To recap: designing a blockchain financial product is mechanism design, applied to financial products. This is distinct from designing a token economy, and the design sprint process I lay out below is not intended to be a guidebook for those kinds of systems. (Talk to people like Tarun at Gauntlet, instead!)

Instead, what might a binancial product design sprint look like? Adapting GV’s design sprint process looks like it might work, but with 2 major caveats:

  1. Defining the “How Might We”s to solve a particular problem can often feel like deciding on a feature set for the financial product. But when the features of products (like having perpetual risk) are so intertwined with the mechanisms needed to coordinate among the 3 types of parties, does it make sense to decide on features so early in the process?
  2. How do you conduct a design sprint, building a prototype and testing a financial product in 1 week, when the metrics of success are usually trading behavior that can only be observed with “real” money on the line with a baseline level of volume?

On the first issue, I propose turning the “How Might We” process into a brief goal-aligning session to explain why the financial engineers are in the room in the first place. Do you really want to create a new financial product for your project, and why? Is it something your users want or need, or would its existence serve as a stepping stone to help them achieve their goals? For example, if you’re building a checking and savings product, your “Mom and Pop” users aren’t going to trade interest rate swaps themselves, but they would certainly help you (or your banking partner) manage the interest rates paid to them!

On the second issue, let’s change the metrics of success, then. I would argue that a blockchain financial product will behave successfully in the “real world” if all counterparties, market makers, and arbitrageurs understand its features and its mechanisms. The more quickly they understand the product and how it “should” trade, the more quickly the product will trade that way. To that end, the important thing to test about your financial product is whether your users understand what it is.

With that in mind, below is my proposal for how you’d run a “binancial product” design sprint. I’d love to practice implementing this with binancial engineers from other projects – please reach out if you’re interested!

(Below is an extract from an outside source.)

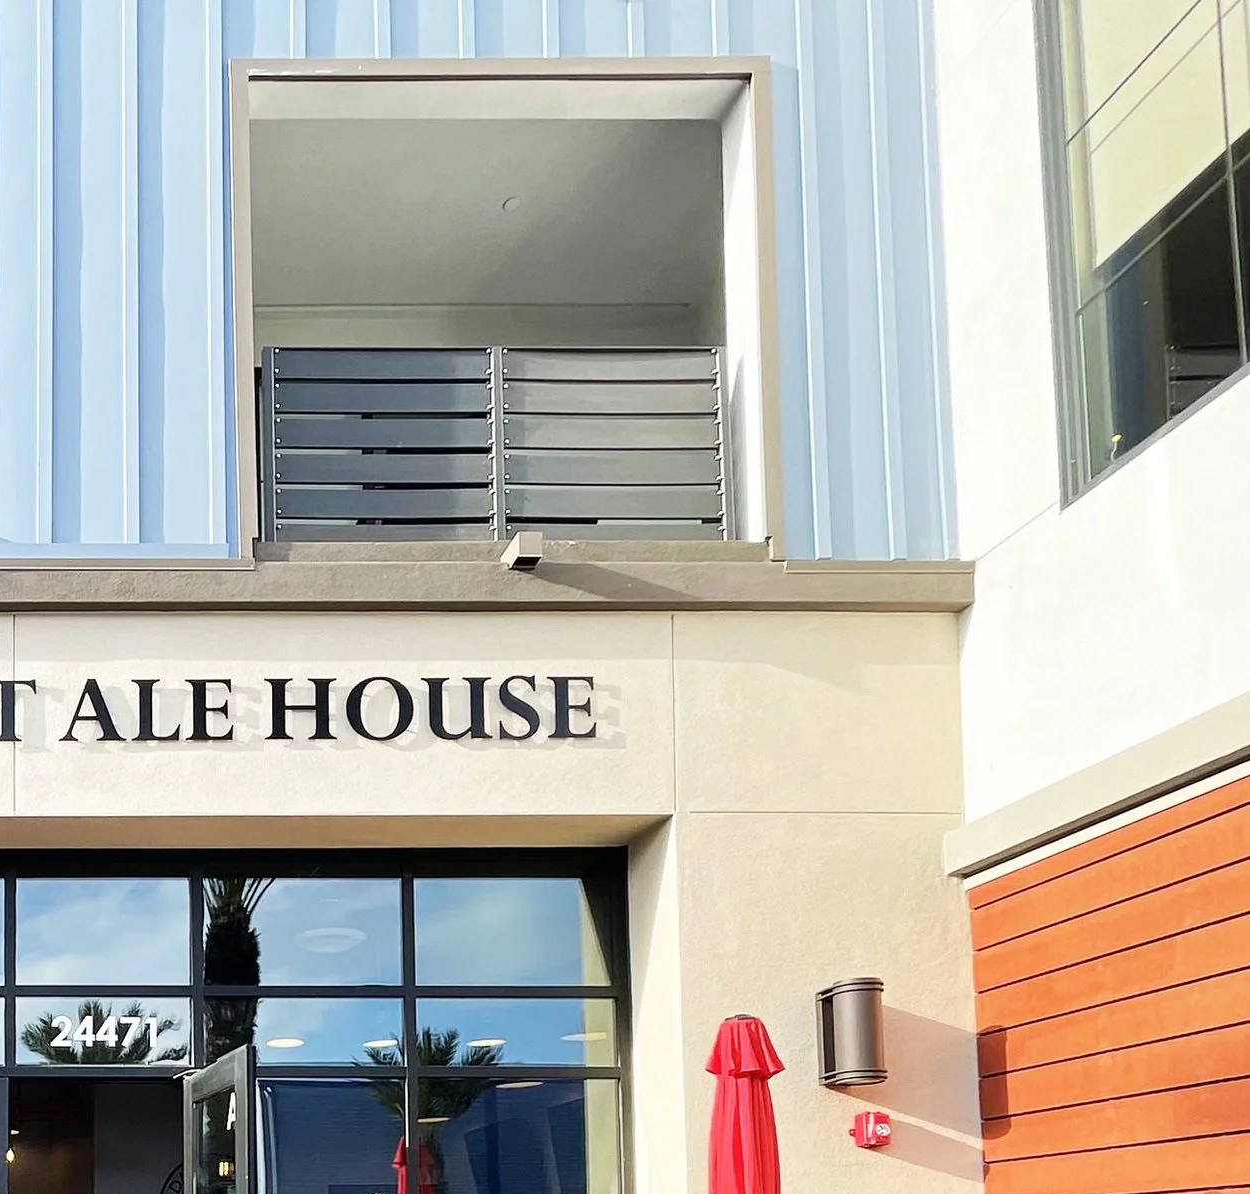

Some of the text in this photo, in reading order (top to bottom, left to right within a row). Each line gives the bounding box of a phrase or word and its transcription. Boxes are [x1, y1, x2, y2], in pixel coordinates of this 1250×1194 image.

[58, 677, 234, 742] ALE
[263, 675, 598, 742] HOUSE
[49, 1014, 159, 1048] 24471

  1. Defining “How Might We”s to agree on why a new financial product is needed.
  2. Brainstorming the list of desired behaviors/outcomes that we want the financial product to have.
    1. Some ideas: perpetual risk, fungible risk across counterparties, decentralized risk creation
  3. Making a map of the participants in the financial product’s ecosystem
  4. Interviewing experts to brainstorm different mechanisms that could be used
    1. Lightning demos of existing financial products that have similar mechanisms or behaviors
    2. For each of these existing financial products, fill out a “token utility canvas” listing desired (and undesired) behaviors. Use dot voting to decide on which behaviors are most important.
  5. Drawing linkages between the participants in the financial product’s ecosystem based on the proposed mechanisms
    1. Voting on which linkages are most important
  6. Making prototypes and mockups:
    1. Here’s where you have some discretion. My suggestion? Make marketing content that explains how the financial product works. This could be a blog post, slide deck, tweetstorm, or poster.
  7. User testing: Show the content to 5 users, and ask them questions to assess whether or not they understand the product. I like the idea of selecting 5 users, from amateur to expert, to test how simply you’ve explained the product, but you could also select 5 users that have a level of prior knowledge commensurate with your expected user base.